After a lengthy Public Works presentation that outlined three scenarios for sanitary sewer, stormwater and solid‑waste funds (required/responsible/resilient), the commission voted unanimously to table rate decisions so staff can supply follow‑up numbers and options for credits, use of origination funds and financing.

The Unified Government commission on April 16 heard a multi‑hour presentation by Public Works on proposed rate options for wastewater (sanitary sewer), stormwater and solid‑waste utilities, then voted unanimously to table final rate decisions to the commission’s May 7 meeting so staff can return with additional financial analysis and clarifications.

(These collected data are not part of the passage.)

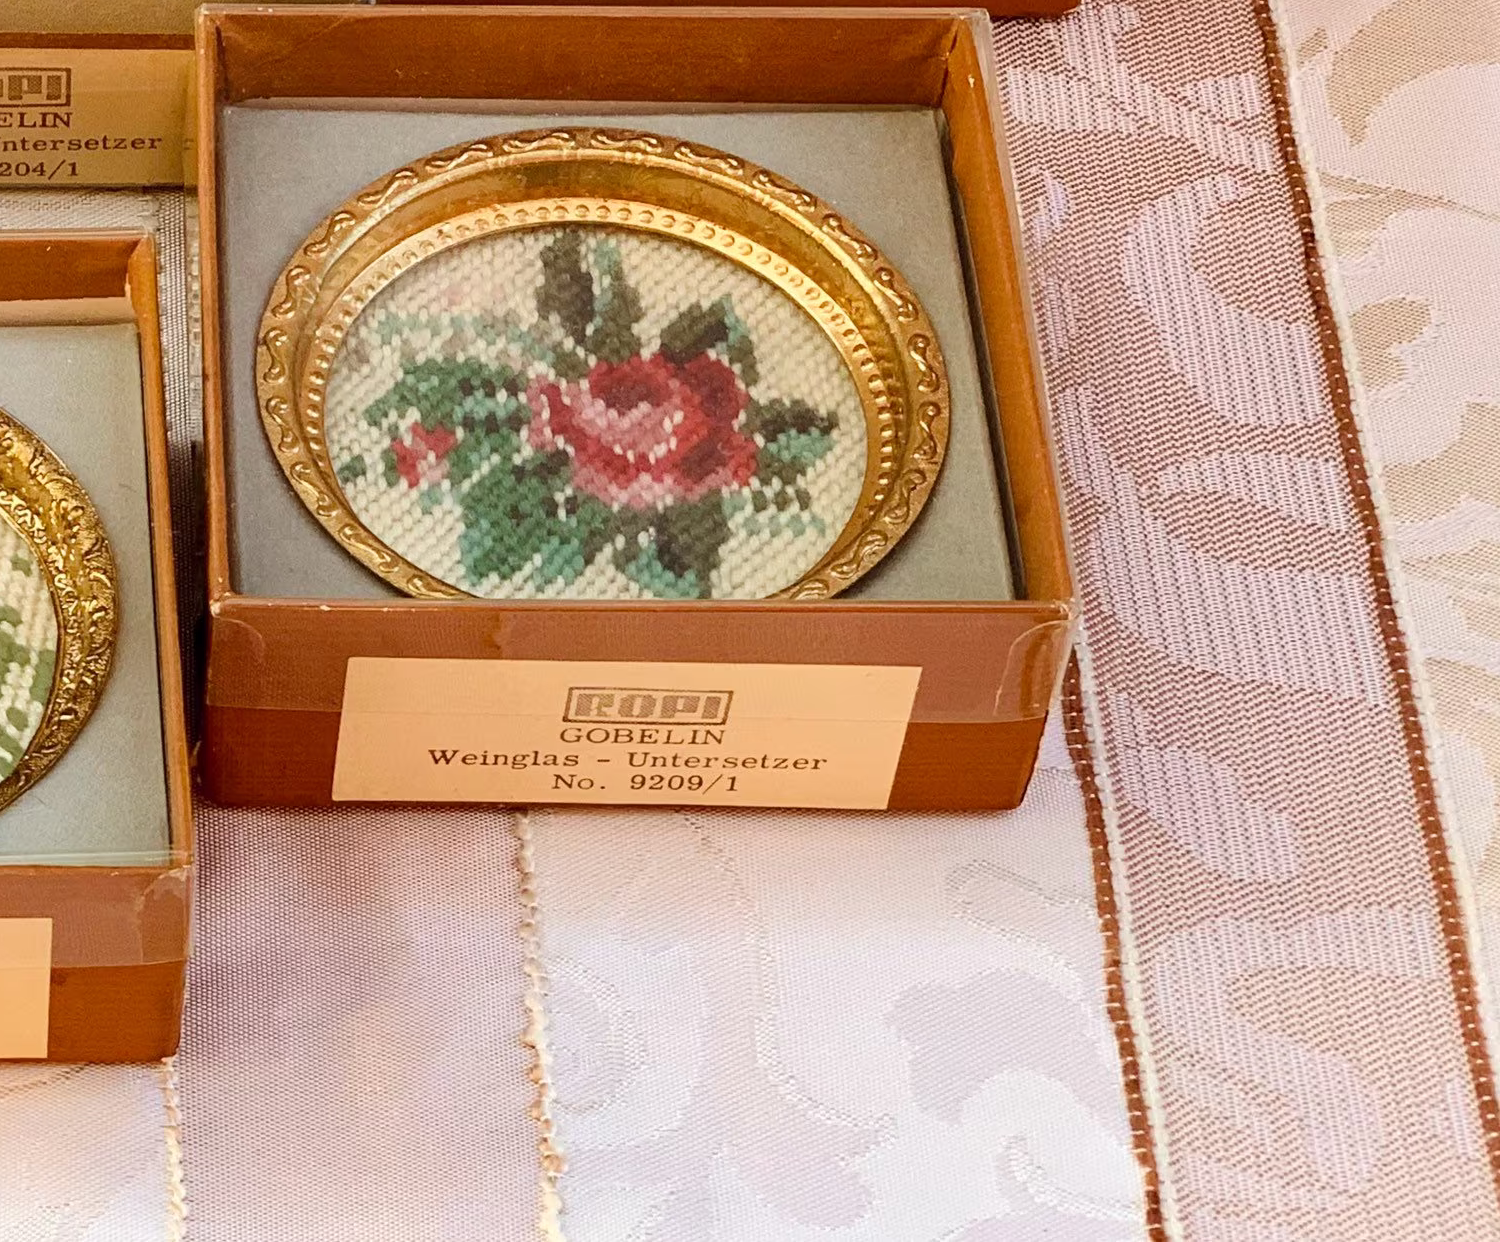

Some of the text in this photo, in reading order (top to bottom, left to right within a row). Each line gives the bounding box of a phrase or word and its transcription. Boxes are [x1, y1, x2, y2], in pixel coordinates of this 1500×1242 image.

[574, 693, 723, 719] ROPI
[560, 728, 724, 745] GOBELIN
[428, 749, 579, 769] Weinglas
[627, 751, 827, 771] Untersetzer
[551, 774, 738, 792] No. 9209/1
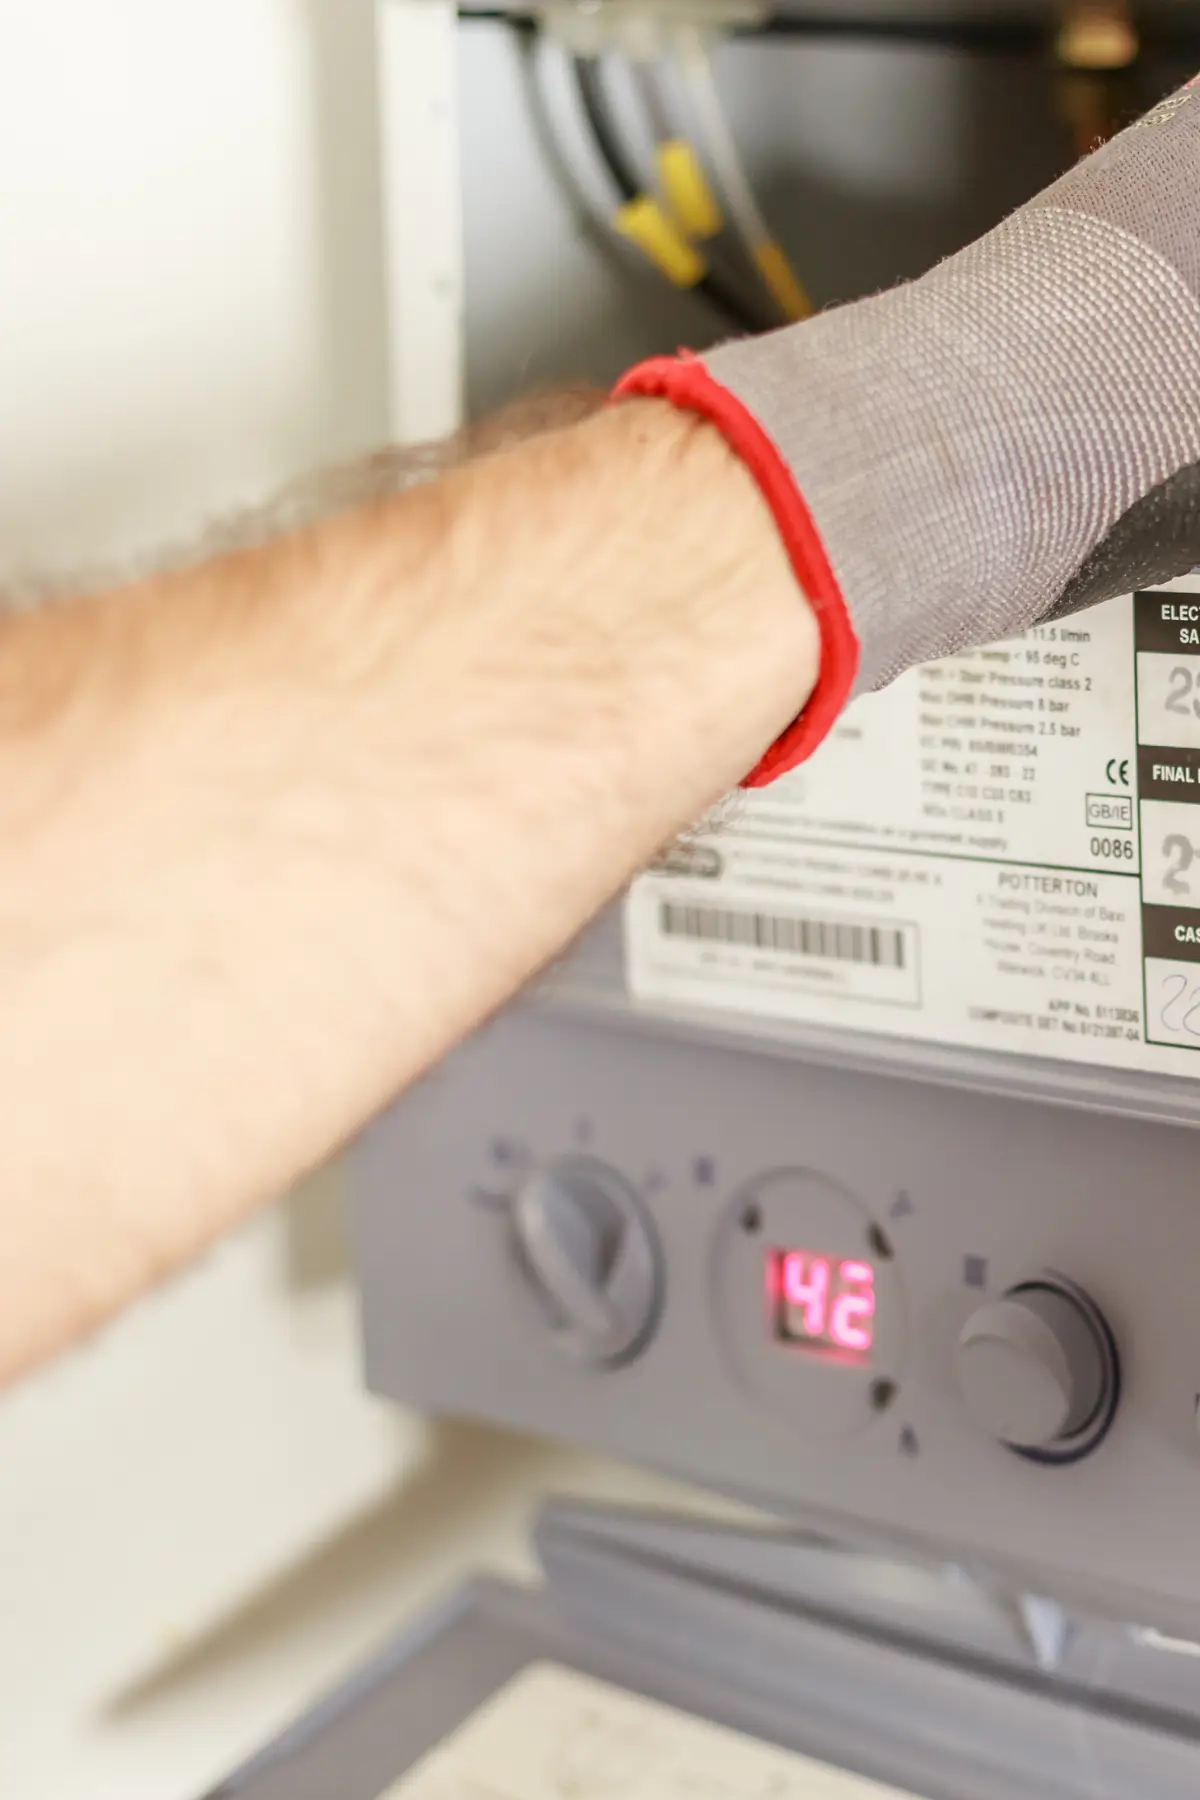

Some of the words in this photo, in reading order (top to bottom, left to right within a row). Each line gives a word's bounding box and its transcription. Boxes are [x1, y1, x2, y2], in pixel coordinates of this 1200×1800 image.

Public Works Director Troy Shaw and senior engineering manager Sarah Schafer framed each utility’s choices around three levels of service: required (baseline, compliance and emergency response), responsible (industry‑standard maintenance and reliability) and resilient (future readiness, capacity for growth and watershed planning). For each utility staff offered a three‑scenario menu aligned with those levels.

Sanitary/wastewater: staff described scenario A as the status quo (a previously approved 4% increase), scenario B as a compliance path that adds roughly 1% in May and yields a 7% total for 2027 to meet consent‑decree obligations and increase emergency cash (staff estimated the average household impact at about $0.56 per month starting May 1, with a total household effect of roughly $3.97/month in 2027). Scenario C adds an economic development/resiliency component (an additional 2% now, 8% in 2027) to fund a system‑wide study and long‑range capital planning.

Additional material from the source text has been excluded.